* Assigned task: Write out the records again exactly and exclude the pictures.
Material supplied START
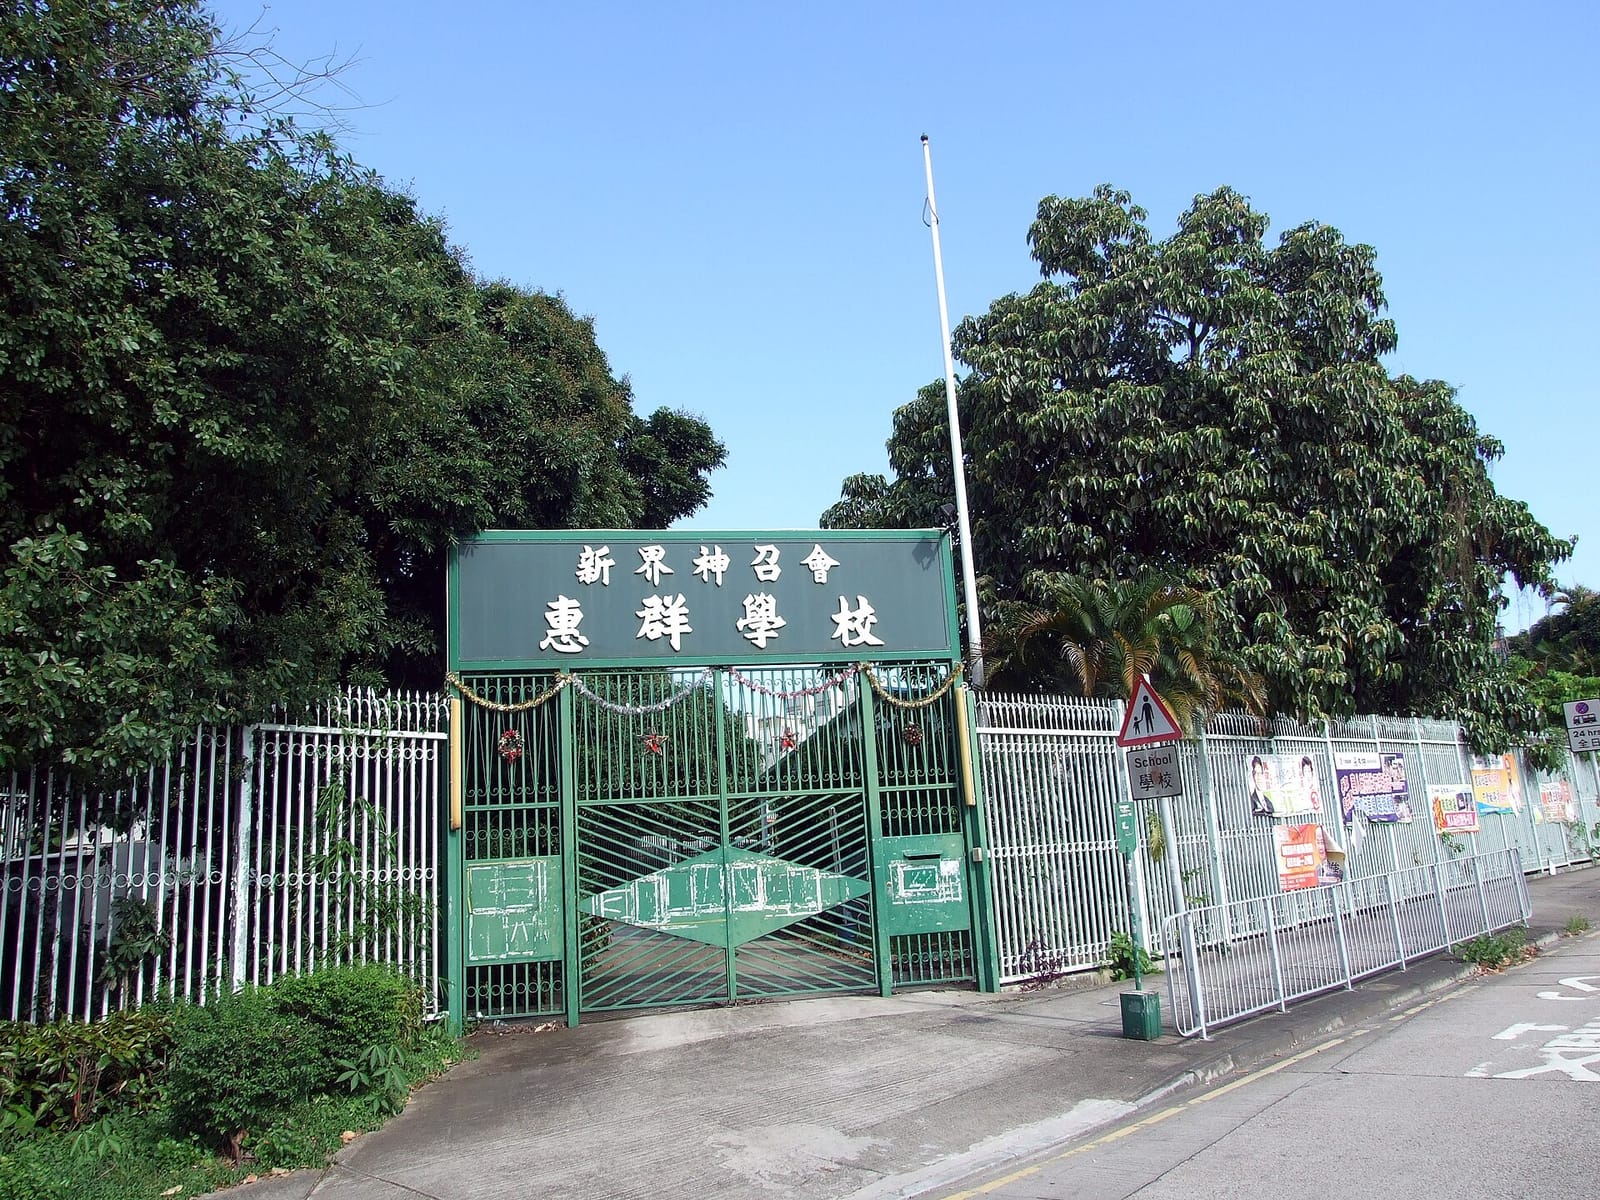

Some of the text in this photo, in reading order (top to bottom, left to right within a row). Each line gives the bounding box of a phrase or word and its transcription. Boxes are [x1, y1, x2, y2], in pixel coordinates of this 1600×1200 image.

[575, 543, 840, 586] 新界神召會
[539, 592, 886, 653] 惠群學校
[1572, 730, 1586, 738] 24
[1134, 753, 1172, 769] School
[1139, 771, 1174, 792] 學校
Material supplied END
* Output below:
Some of the text in this photo, in reading order (top to bottom, left to right within a row). Each line gives the bounding box of a phrase or word and its transcription. Boxes are [x1, y1, x2, y2], in pixel coordinates of this 1600×1200 image.

[575, 543, 840, 586] 新界神召會
[539, 592, 886, 653] 惠群學校
[1572, 730, 1586, 738] 24
[1134, 753, 1172, 769] School
[1139, 771, 1174, 792] 學校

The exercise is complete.